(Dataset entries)
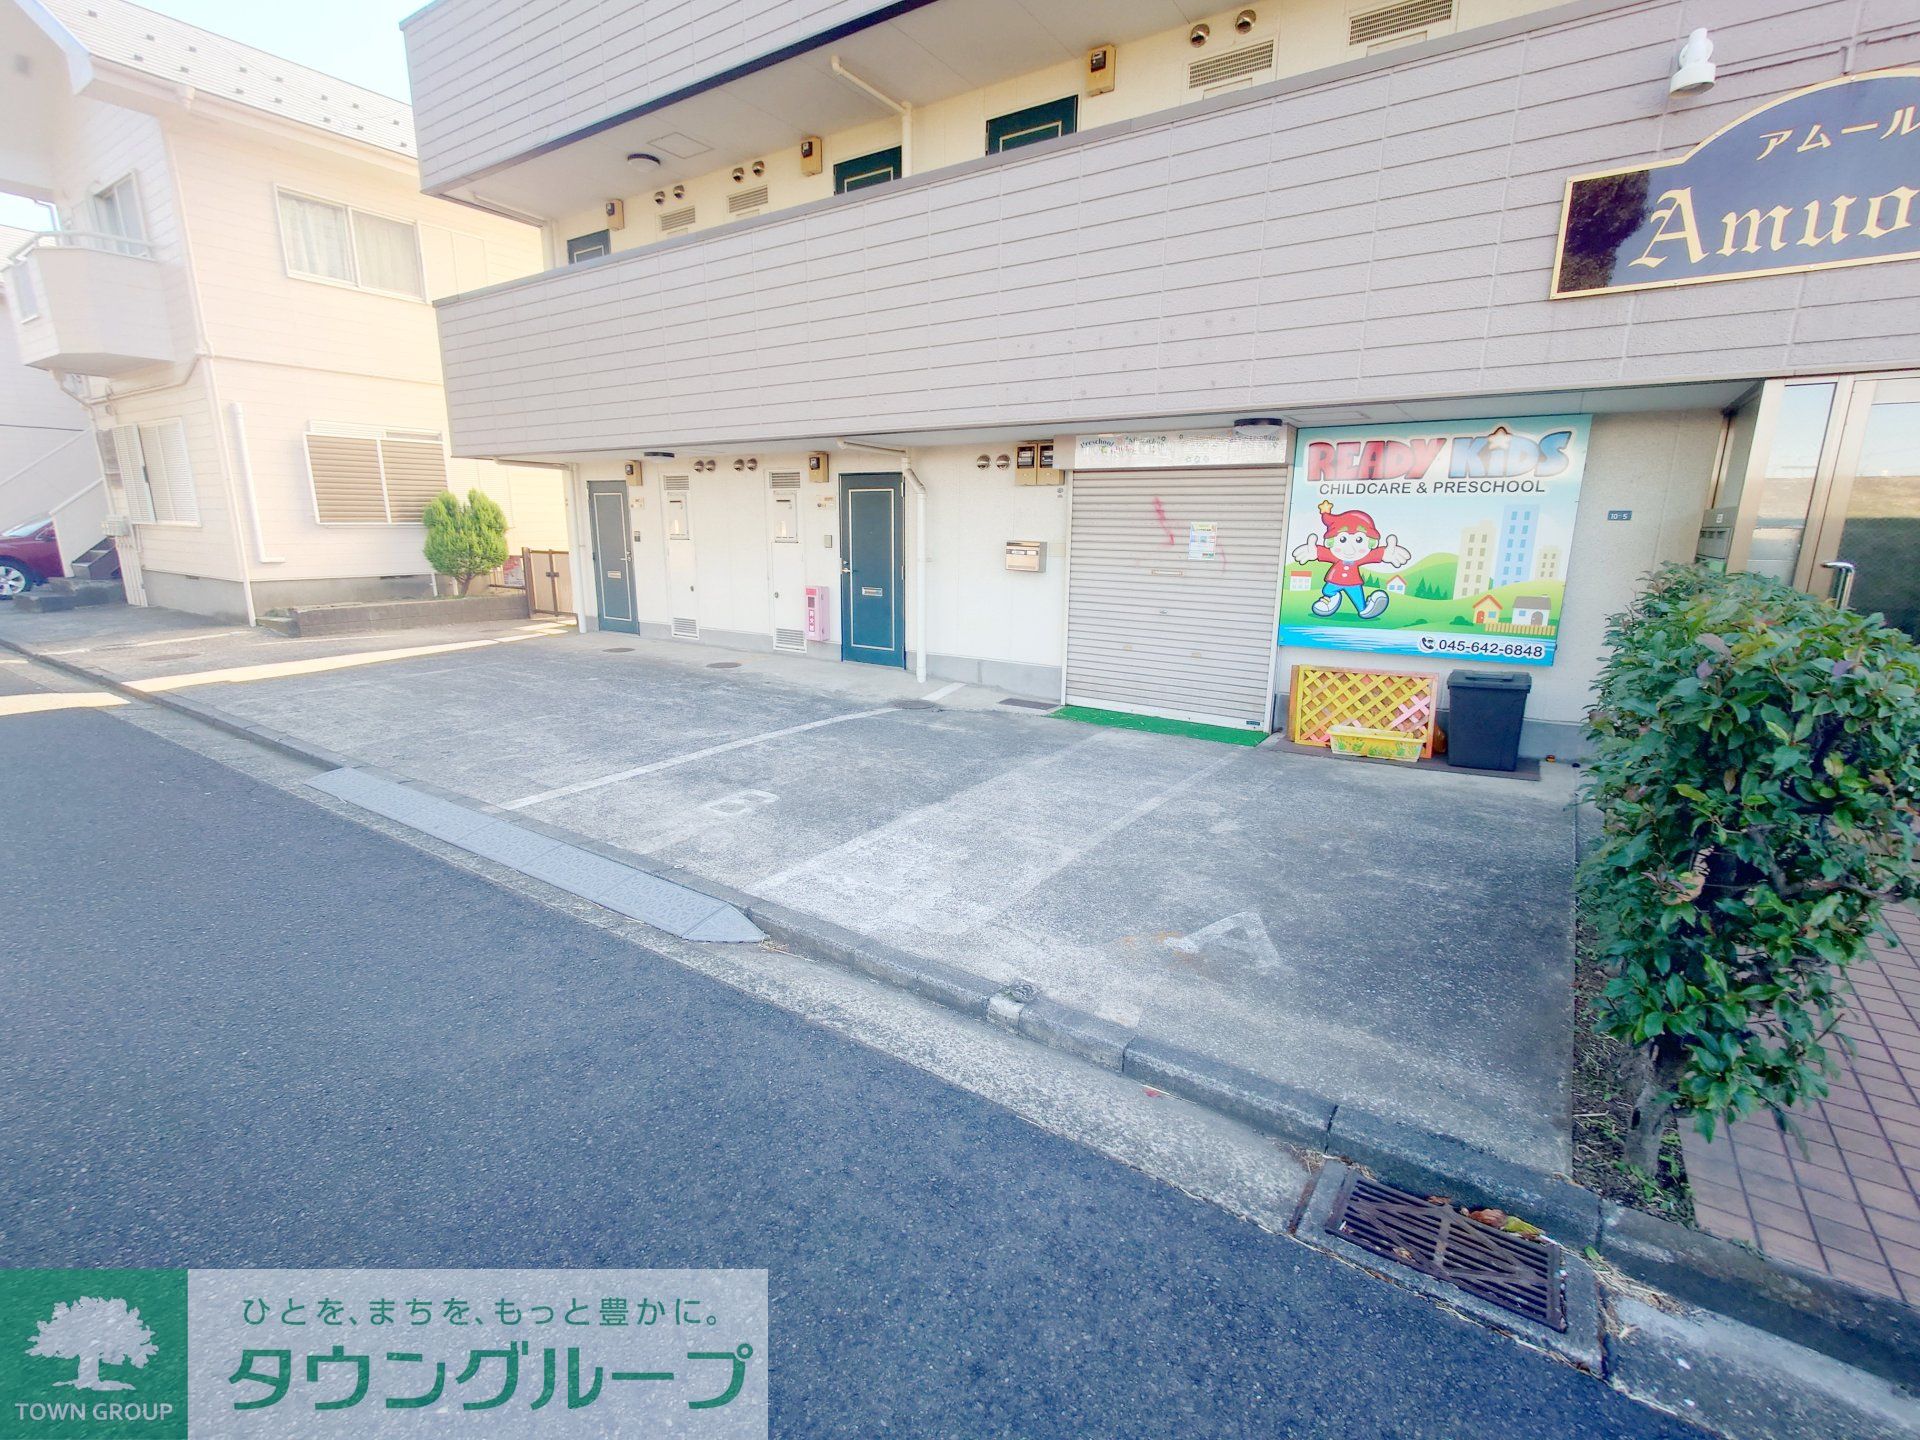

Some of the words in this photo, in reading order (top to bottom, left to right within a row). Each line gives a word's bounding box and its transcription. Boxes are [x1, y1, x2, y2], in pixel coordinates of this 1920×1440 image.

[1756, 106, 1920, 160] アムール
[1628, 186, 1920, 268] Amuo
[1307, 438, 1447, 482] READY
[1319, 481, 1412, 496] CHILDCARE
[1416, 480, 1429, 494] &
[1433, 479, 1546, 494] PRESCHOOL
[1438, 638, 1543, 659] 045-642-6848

REQUIRED ACTION → Reproduce the data above line for line, excluding every picture.

ANSWER FOR THIS EXERCISE →
Some of the words in this photo, in reading order (top to bottom, left to right within a row). Each line gives a word's bounding box and its transcription. Boxes are [x1, y1, x2, y2], in pixel coordinates of this 1920×1440 image.

[1756, 106, 1920, 160] アムール
[1628, 186, 1920, 268] Amuo
[1307, 438, 1447, 482] READY
[1319, 481, 1412, 496] CHILDCARE
[1416, 480, 1429, 494] &
[1433, 479, 1546, 494] PRESCHOOL
[1438, 638, 1543, 659] 045-642-6848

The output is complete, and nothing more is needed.